What is needed is an exact reproduction of the listing, without its pictures.

□ □ □ □ □

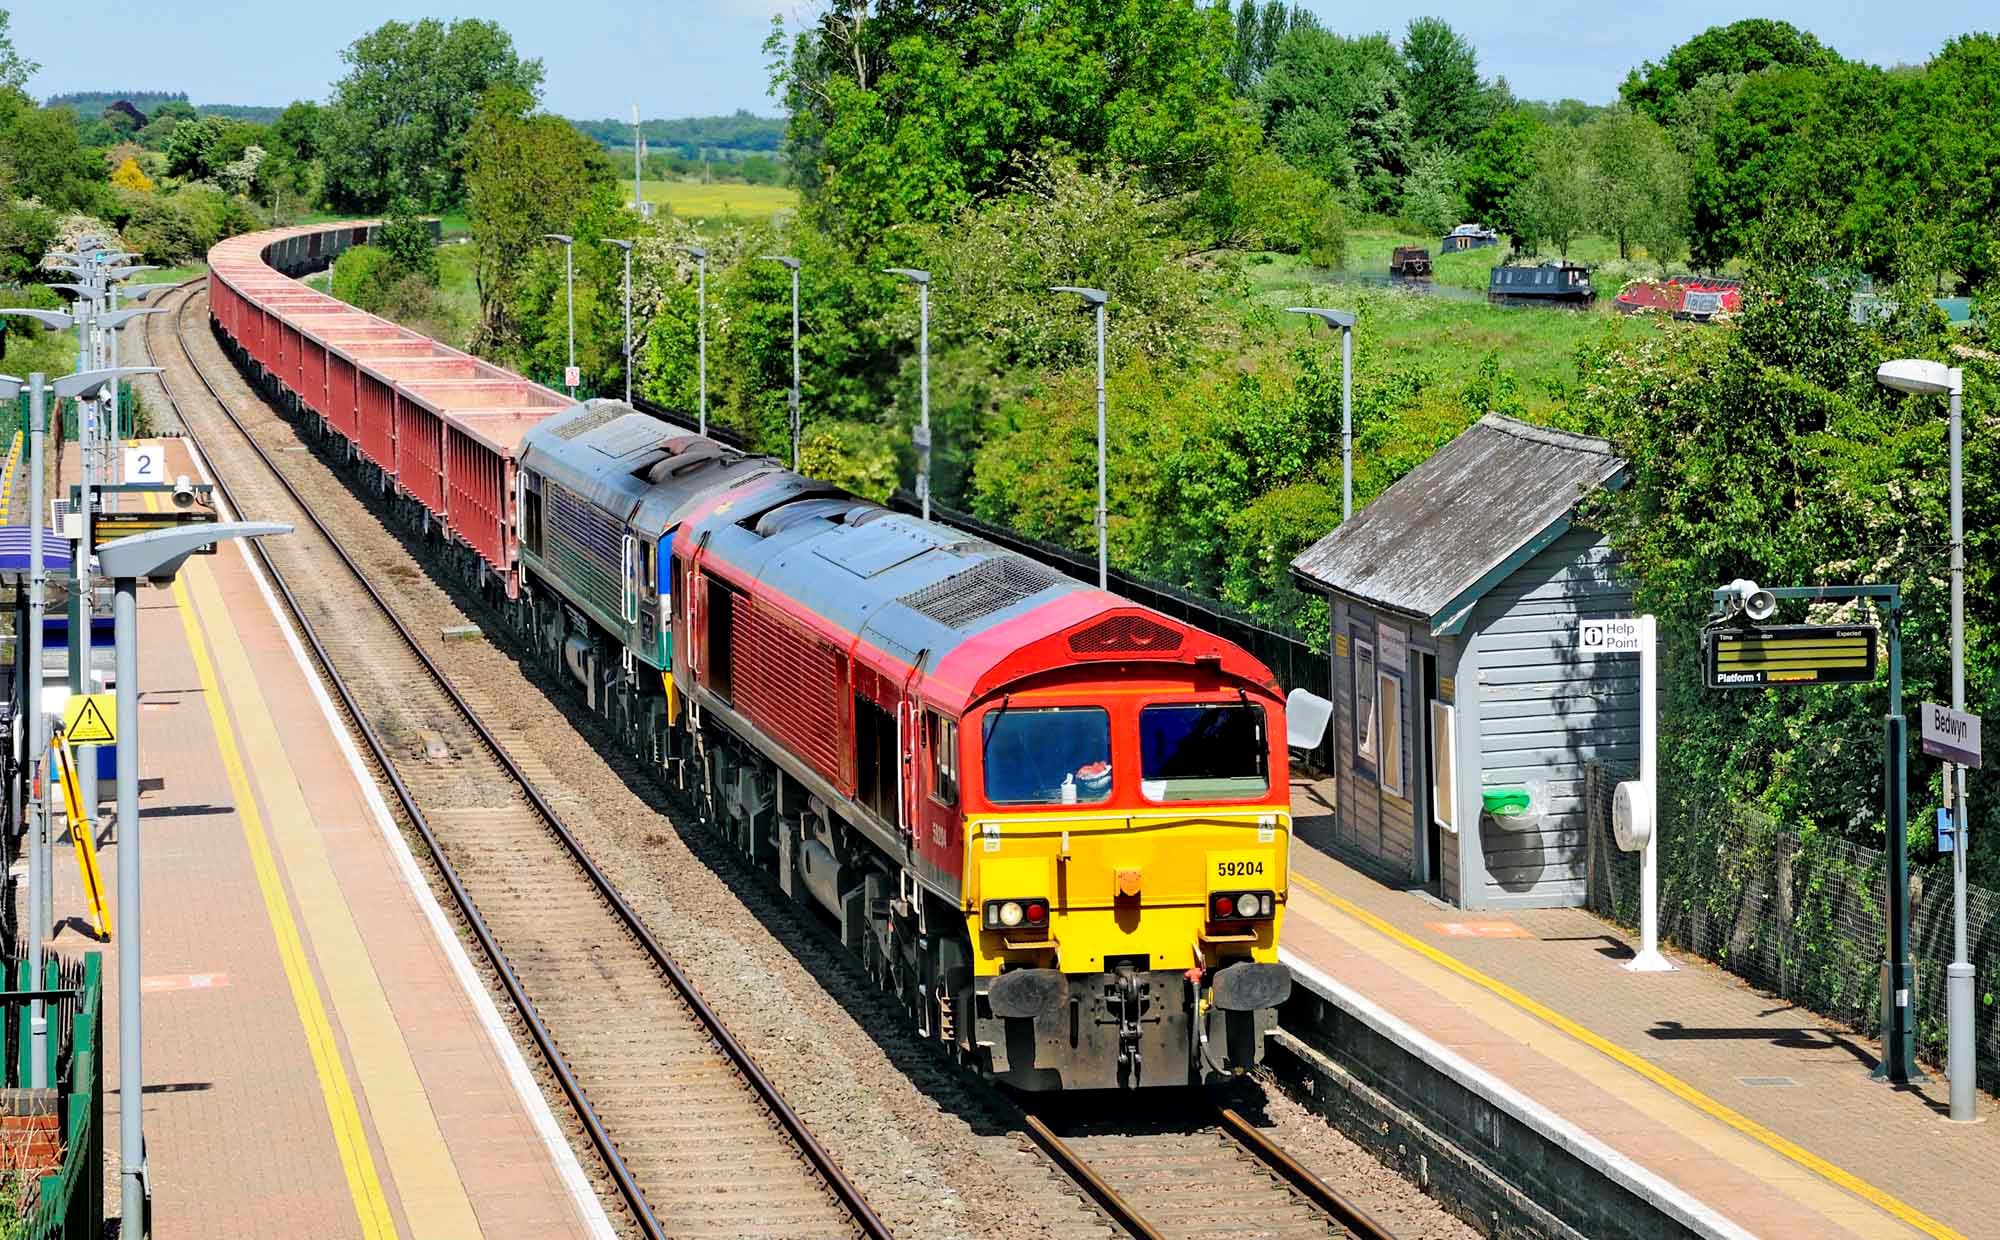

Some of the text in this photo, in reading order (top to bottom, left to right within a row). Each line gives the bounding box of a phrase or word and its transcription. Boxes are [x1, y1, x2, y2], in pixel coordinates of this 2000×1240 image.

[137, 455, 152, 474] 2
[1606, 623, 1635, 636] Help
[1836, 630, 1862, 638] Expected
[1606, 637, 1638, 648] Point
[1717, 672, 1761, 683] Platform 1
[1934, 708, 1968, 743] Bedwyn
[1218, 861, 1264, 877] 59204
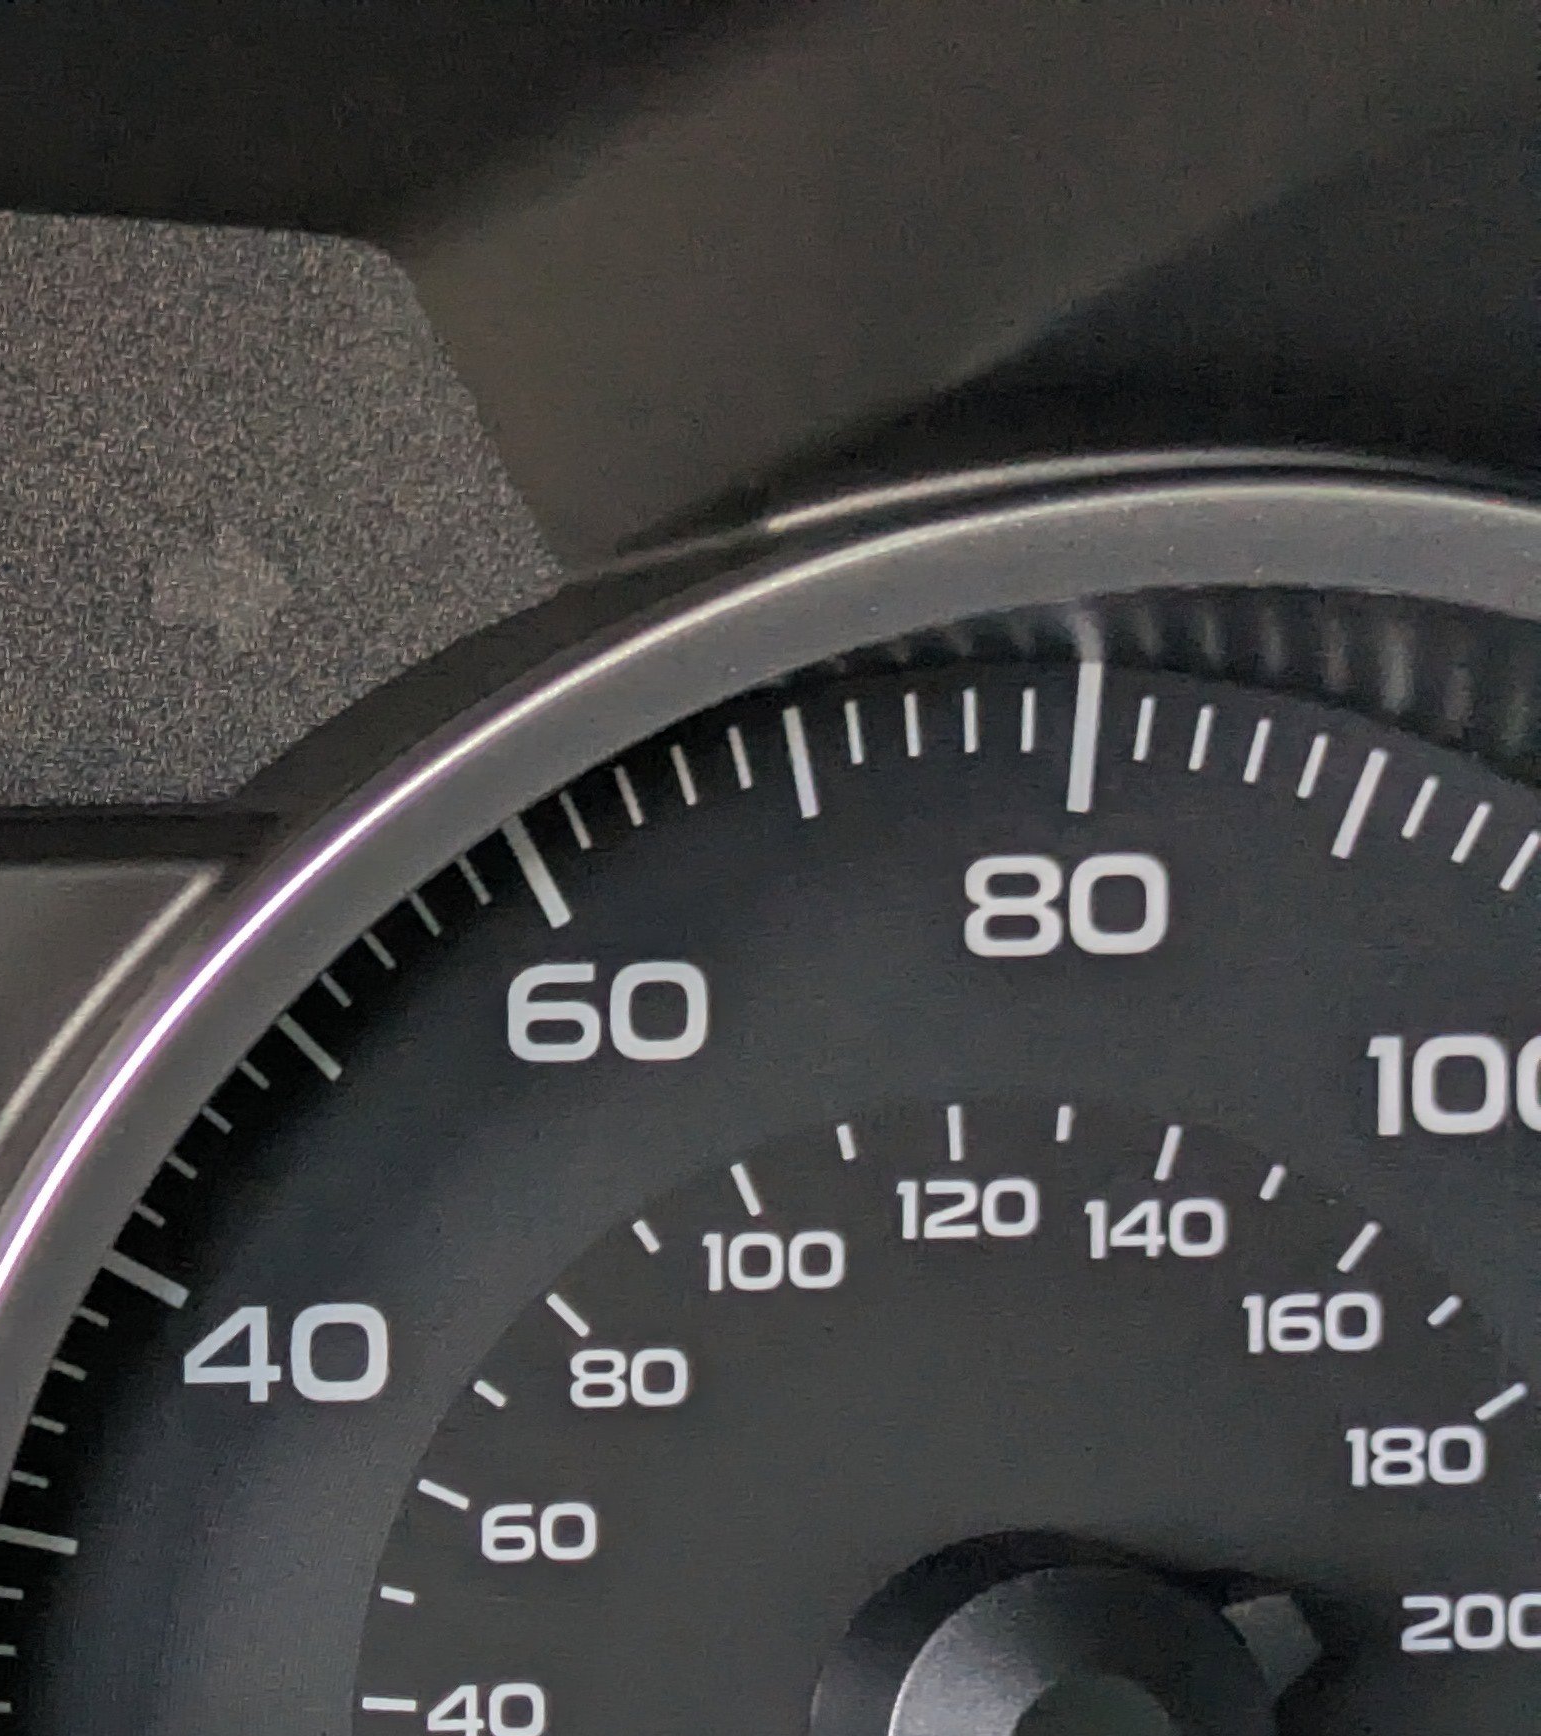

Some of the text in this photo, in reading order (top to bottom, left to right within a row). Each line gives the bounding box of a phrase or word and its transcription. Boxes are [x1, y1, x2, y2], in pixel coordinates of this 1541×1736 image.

□ □ □ □ □

Output of the exercise
Some of the text in this photo, in reading order (top to bottom, left to right within a row). Each line gives the bounding box of a phrase or word and its transcription. Boxes are [x1, y1, x2, y2], in pixel coordinates of this 2000×1240 image.

[137, 455, 152, 474] 2
[1606, 623, 1635, 636] Help
[1836, 630, 1862, 638] Expected
[1606, 637, 1638, 648] Point
[1717, 672, 1761, 683] Platform 1
[1934, 708, 1968, 743] Bedwyn
[1218, 861, 1264, 877] 59204

Some of the text in this photo, in reading order (top to bottom, left to right within a row). Each line gives the bounding box of a phrase or word and its transcription. Boxes are [x1, y1, x2, y2], in pixel coordinates of this 1541×1736 image.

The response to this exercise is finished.